One of the most interesting results is the average amount of transportation required to produce food for an average household. Assuming that 11 pounds of food is required for the average 4-person household per day, they estimate that 4,200 miles of transportation is needed throughout the entire production and supply chain (the “average” household diet was obtained by the authors from the USDA Economic Research Service). The average “direct” distance — the final leg from farm or production facility to the consumer, the segment typically called “food miles” — is 1,020 miles.

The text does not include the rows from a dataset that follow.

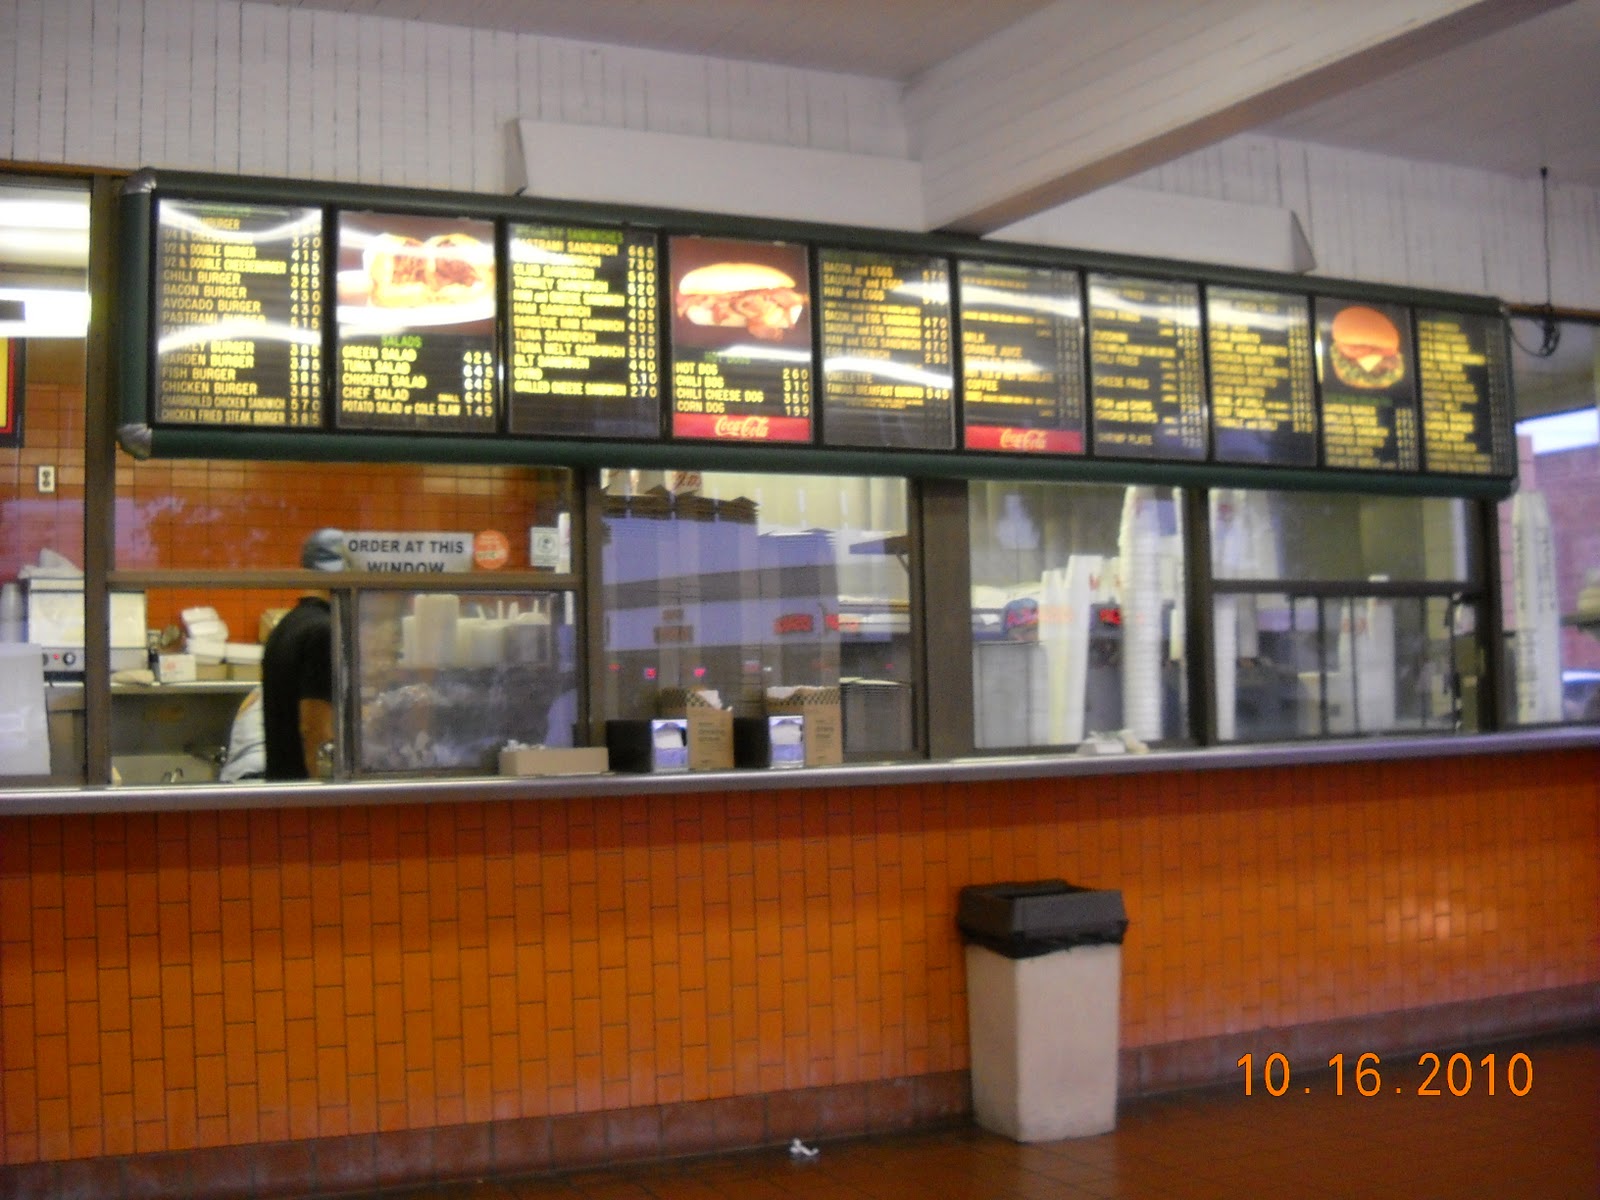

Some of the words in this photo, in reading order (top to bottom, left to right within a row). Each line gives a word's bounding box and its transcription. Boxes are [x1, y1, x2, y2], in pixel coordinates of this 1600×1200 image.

[163, 271, 193, 283] CHILI
[197, 273, 241, 285] BURGER
[163, 285, 199, 297] BACON
[203, 286, 247, 299] BURGER
[163, 298, 214, 311] AVOCADO
[218, 300, 261, 313] BURGER
[163, 312, 218, 324] PASTRAMI
[381, 347, 417, 362] SALAD
[192, 368, 236, 381] BURGER
[375, 360, 411, 375] SALAD
[676, 362, 695, 374] HOT
[698, 363, 718, 376] DOG
[162, 381, 209, 393] CHICKEN
[214, 382, 258, 396] BURGER
[391, 374, 427, 389] SALAD
[676, 375, 702, 388] CHILI
[704, 376, 725, 389] DOG
[342, 386, 371, 399] CHEF
[374, 387, 410, 401] SALAD
[676, 387, 702, 400] CHILI
[705, 388, 741, 402] CHEESE
[744, 390, 764, 403] DOG
[677, 400, 703, 413] CORN
[705, 402, 725, 414] DOG
[348, 539, 398, 553] ORDER
[404, 540, 424, 553] AT
[430, 541, 464, 554] THIS
[367, 562, 444, 573] WINDOW

In terms of GHG, production accounts for 83% of the emissions, while transportation accounts for about 11%. The “direct” segment of transportation causes only 4% of the GHG emissions.

Another interesting result is the clear demonstration that different foods can have dramatically different “foodprints.” The figure below, which I created using some of the data from Figure 1-c of the paper, shows the source of GHG emissions for three food types: chicken/fish/eggs, fruit/vegetables, and red meat (the figure in the paper shows eight food types). The horizontal axis is the annual GHG emission per household from the food group in tons of CO2 equivalent**, with a longer bar corresponding to higher emissions. The colored sub-bars show the contributions from various parts of the food system: black is emissions from the “direct” leg, blue is carbon dioxide emissions, red is nitrous oxide emissions, and so on. The authors calculate that the average household’s diet causes an annual release of 8.1 tons of GHG, so red meat consumption is responsible for almost one-third of the total food-related emissions, whereas chicken/fish/eggs and fruit/vegetables contribute only about 10% each. Note that for each food group, the delivery and transport emissions are relatively small.

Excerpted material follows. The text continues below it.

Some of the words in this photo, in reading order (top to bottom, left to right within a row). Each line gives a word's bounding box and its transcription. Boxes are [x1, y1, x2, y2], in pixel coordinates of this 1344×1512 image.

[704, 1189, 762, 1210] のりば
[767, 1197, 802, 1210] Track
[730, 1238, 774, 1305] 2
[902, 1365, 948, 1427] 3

Emissions of methane (orange bar) and nitrous oxide (red bar) are the primary reasons that red meat has such a high “foodprint.” Methane is a natural byproduct of digestion in cattle and other ruminants (microorganisms in their gut create methane) and also is formed by decomposing manure. Nitrous oxide is emitted when nitrogen fertilizer breaks down in the soil, during various soil management processes, and when manure decomposes. Since the modern U.S. beef system relies so heavily on intensely fertilized corn and soybean fields for animal feed, the nitrous oxide emissions are relatively high. The far higher GHG emissions from red meat production can also seen in a Belgian study that compared the life-cycle GHG emissions of various animals.

Greenhouse gas emissions from food production and transport

The result in the figure above is for an average household, and therefore the emissions calculation is tied to the quantity of the foods in the diet. To separate the analysis from the average mix of product, the authors also calculated the relative GHG emissions on a per calorie and per kilogram basis. On a per-calorie basis, red meat has about three times the GHG emissions of fruit/vegetable or chicken/fish/eggs, and about twice the GHG emissions of dairy products. On a per-kilogram basis, the ratios are even higher, but that normalization is affected by the high concentration of water in dairy and fruits and vegetables.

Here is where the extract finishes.